What if THAT company were to be browned out? What if the response, due to cuts, was that much longer and the car did explode? Ah hell, we can what if to death, but the fact remains that company was not browned out.

Now consider this extra workload on many firefighters across the country. This is somethig more we have to train on and be proficient in, IE more workload, on top of everything else. This is why unions fight for these benefits you think are just about pay. Get a clue.
John,

You don't understand, firefighters aren't on the front lines, smoke detectors are. (And if more firefighters would just take more cuts in manning, pay, and benefits, we could have even more smoke detectors on the front lines).
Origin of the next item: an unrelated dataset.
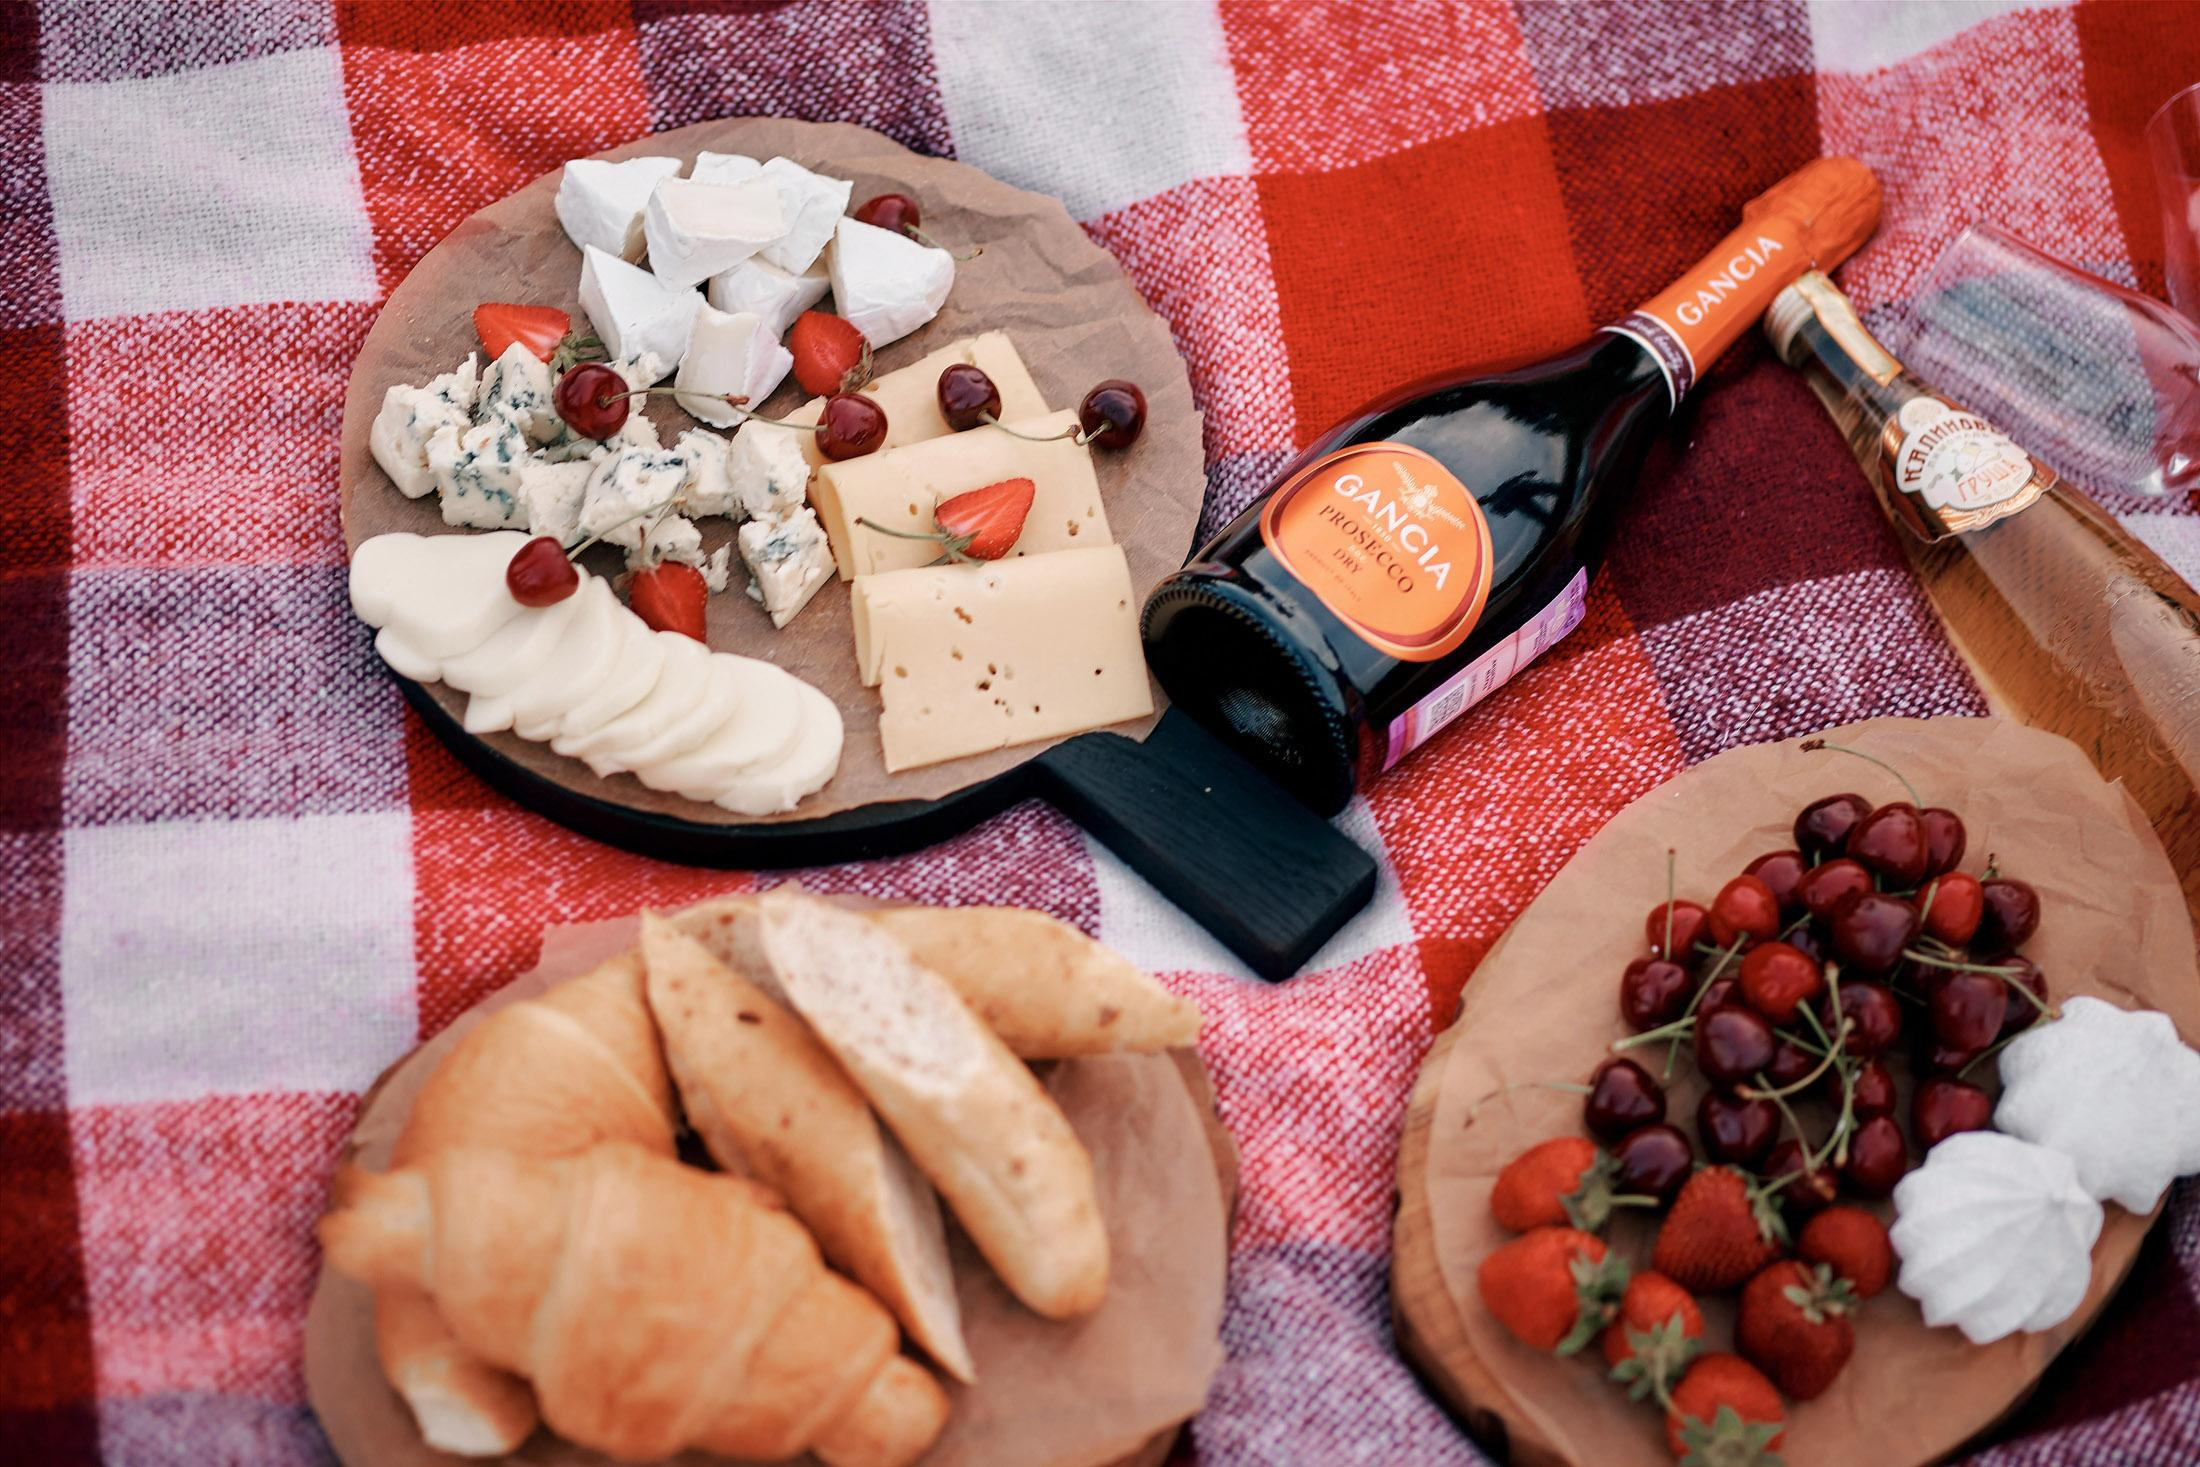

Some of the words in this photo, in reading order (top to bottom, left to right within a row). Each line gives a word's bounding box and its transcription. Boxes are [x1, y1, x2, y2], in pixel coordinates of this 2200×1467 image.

[1676, 236, 1783, 326] GANCIA
[1319, 504, 1414, 593] PROSECCO
[1333, 474, 1452, 592] GANCIA
[1333, 548, 1362, 575] DRY
God bless you and Jack; you have much more patience than I in dealing with this nitwit.
WP,

Everyone has to have a hobby.

Regarding your thoughts on less firefighters and more smoke detectors; Doesn't Glade make an air freshener that sprays scent? If we could combine this technology with smoke detectors, we could have some kind of system that would, when activated, spray a room with water. Then there would be no need for firefighters at all. Just truckies, to clean up afterward.
As long as the truckies don't mind buying them, that sounds like a plan. I'm sure Frank would agree.
I suspect that he's congenitally incapable of agreeing with anyone. We'll have to wait and see what he says. He certainly seems to have a hard on(e) for Philly.
Maybe he'll just start to ignore me. That would make at least two FFN'ers.
I'm sorry, what?
Thread closed. Copyright articles were being pasted into the discussion without owners' permissions.
That and the discussion itself was starting to stray.